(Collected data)
'''

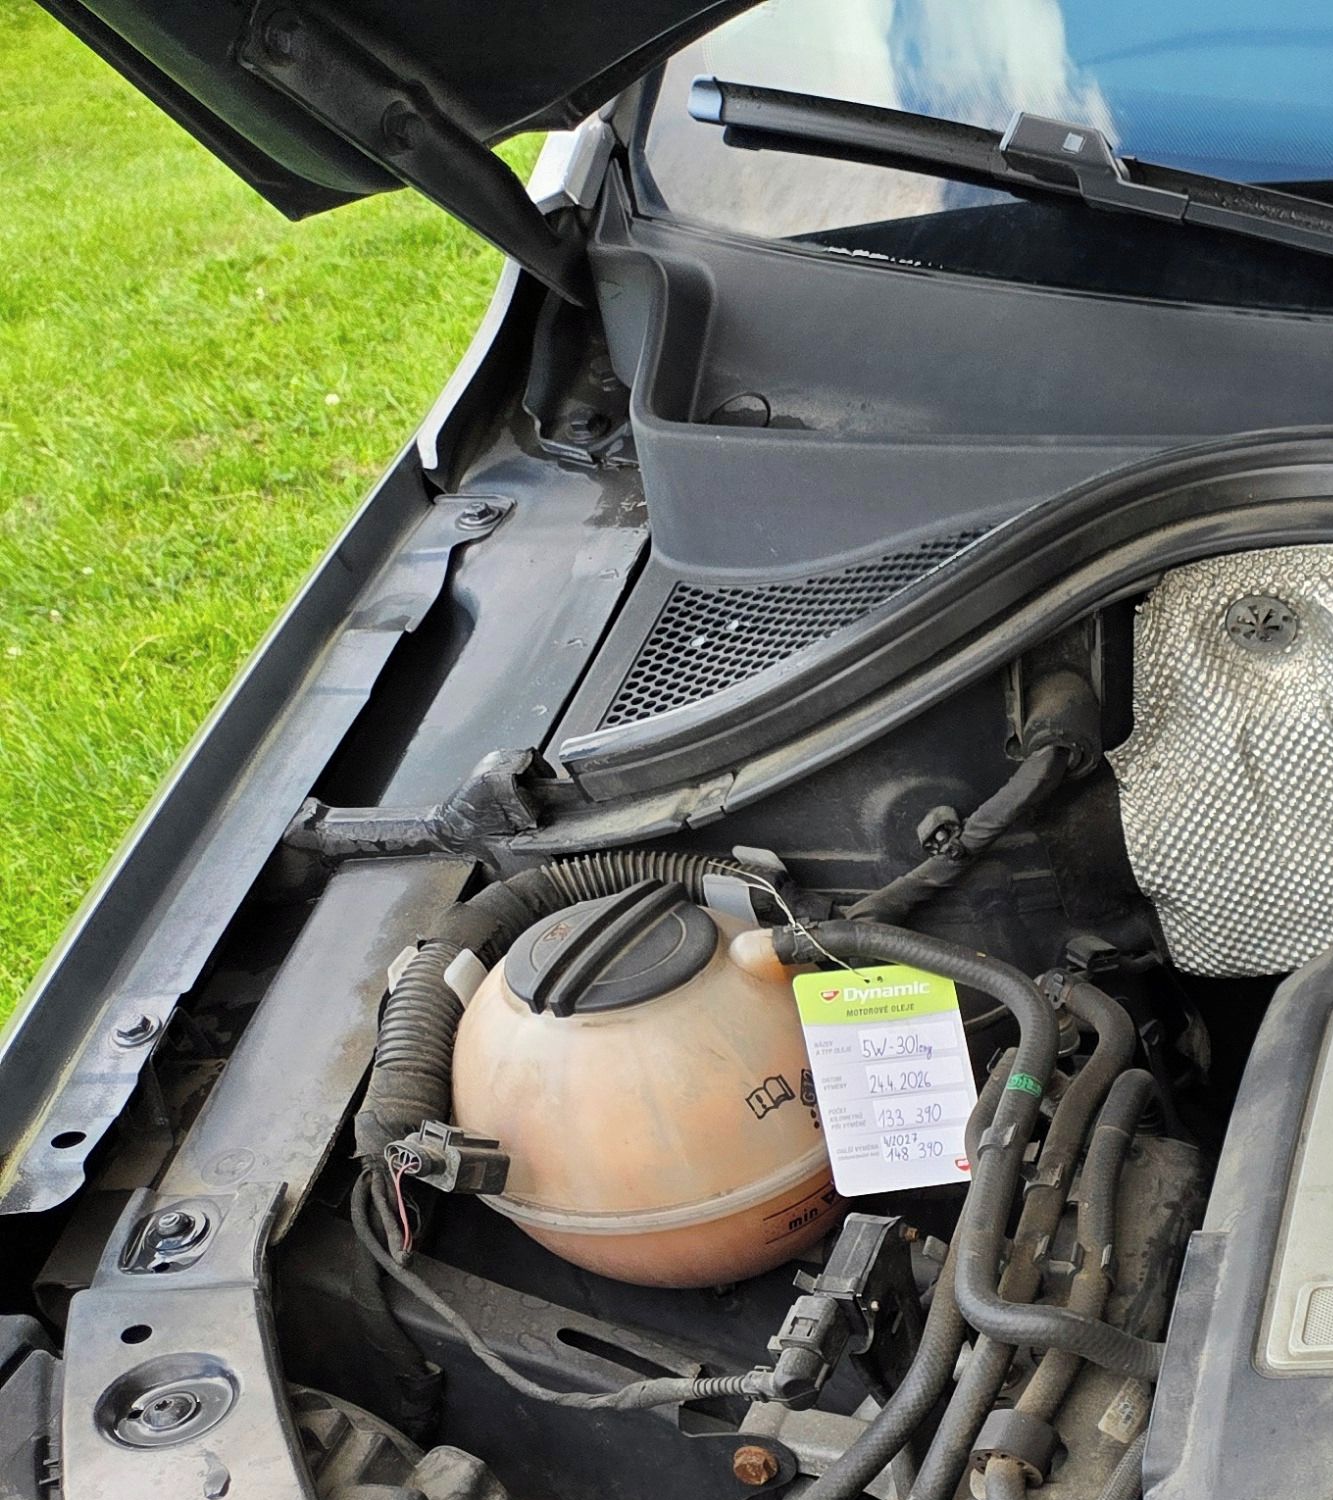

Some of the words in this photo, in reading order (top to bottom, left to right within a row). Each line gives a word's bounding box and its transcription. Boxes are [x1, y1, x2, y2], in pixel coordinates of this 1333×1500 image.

[843, 982, 930, 1004] Dynamic
[847, 1005, 888, 1017] MOTOROVÉ
[891, 1003, 915, 1013] OLEJE
[879, 1109, 905, 1128] 133
[915, 1103, 942, 1124] 390
[887, 1147, 909, 1162] 148
[918, 1141, 944, 1159] 390
[789, 1208, 818, 1230] min

'''

▶ [PROBLEM DETAILS]
Every entry above should be written out again verbatim, with no pictures included.

▶ [EXERCISE ANSWER]
Some of the words in this photo, in reading order (top to bottom, left to right within a row). Each line gives a word's bounding box and its transcription. Boxes are [x1, y1, x2, y2], in pixel coordinates of this 1333×1500 image.

[843, 982, 930, 1004] Dynamic
[847, 1005, 888, 1017] MOTOROVÉ
[891, 1003, 915, 1013] OLEJE
[879, 1109, 905, 1128] 133
[915, 1103, 942, 1124] 390
[887, 1147, 909, 1162] 148
[918, 1141, 944, 1159] 390
[789, 1208, 818, 1230] min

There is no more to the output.